WORKING DATA Block Start

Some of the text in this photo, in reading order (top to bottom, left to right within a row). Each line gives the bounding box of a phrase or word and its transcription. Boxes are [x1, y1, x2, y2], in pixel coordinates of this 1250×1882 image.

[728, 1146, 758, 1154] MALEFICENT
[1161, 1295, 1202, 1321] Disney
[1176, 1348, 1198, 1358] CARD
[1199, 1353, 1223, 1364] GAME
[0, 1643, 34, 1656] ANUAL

WORKING DATA Block End

[WHAT YOU WILL DO]
Word for word, retype all of the entries above.

[RESPONSE AREA]
Some of the text in this photo, in reading order (top to bottom, left to right within a row). Each line gives the bounding box of a phrase or word and its transcription. Boxes are [x1, y1, x2, y2], in pixel coordinates of this 1250×1882 image.

[728, 1146, 758, 1154] MALEFICENT
[1161, 1295, 1202, 1321] Disney
[1176, 1348, 1198, 1358] CARD
[1199, 1353, 1223, 1364] GAME
[0, 1643, 34, 1656] ANUAL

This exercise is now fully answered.